== WHAT THE TASK ASKS ==
The output must be the data, printed exactly as written.

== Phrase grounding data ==
------------------------------------

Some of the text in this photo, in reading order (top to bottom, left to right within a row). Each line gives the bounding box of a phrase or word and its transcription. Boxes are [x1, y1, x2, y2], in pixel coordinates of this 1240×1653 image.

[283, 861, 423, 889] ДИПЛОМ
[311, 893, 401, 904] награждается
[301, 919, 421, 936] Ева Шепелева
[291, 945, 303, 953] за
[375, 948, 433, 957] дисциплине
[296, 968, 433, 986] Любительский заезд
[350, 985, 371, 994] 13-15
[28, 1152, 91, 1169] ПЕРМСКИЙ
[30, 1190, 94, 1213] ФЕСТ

------------------------------------

== ANSWER TO THE EXERCISE ==
Some of the text in this photo, in reading order (top to bottom, left to right within a row). Each line gives the bounding box of a phrase or word and its transcription. Boxes are [x1, y1, x2, y2], in pixel coordinates of this 1240×1653 image.

[283, 861, 423, 889] ДИПЛОМ
[311, 893, 401, 904] награждается
[301, 919, 421, 936] Ева Шепелева
[291, 945, 303, 953] за
[375, 948, 433, 957] дисциплине
[296, 968, 433, 986] Любительский заезд
[350, 985, 371, 994] 13-15
[28, 1152, 91, 1169] ПЕРМСКИЙ
[30, 1190, 94, 1213] ФЕСТ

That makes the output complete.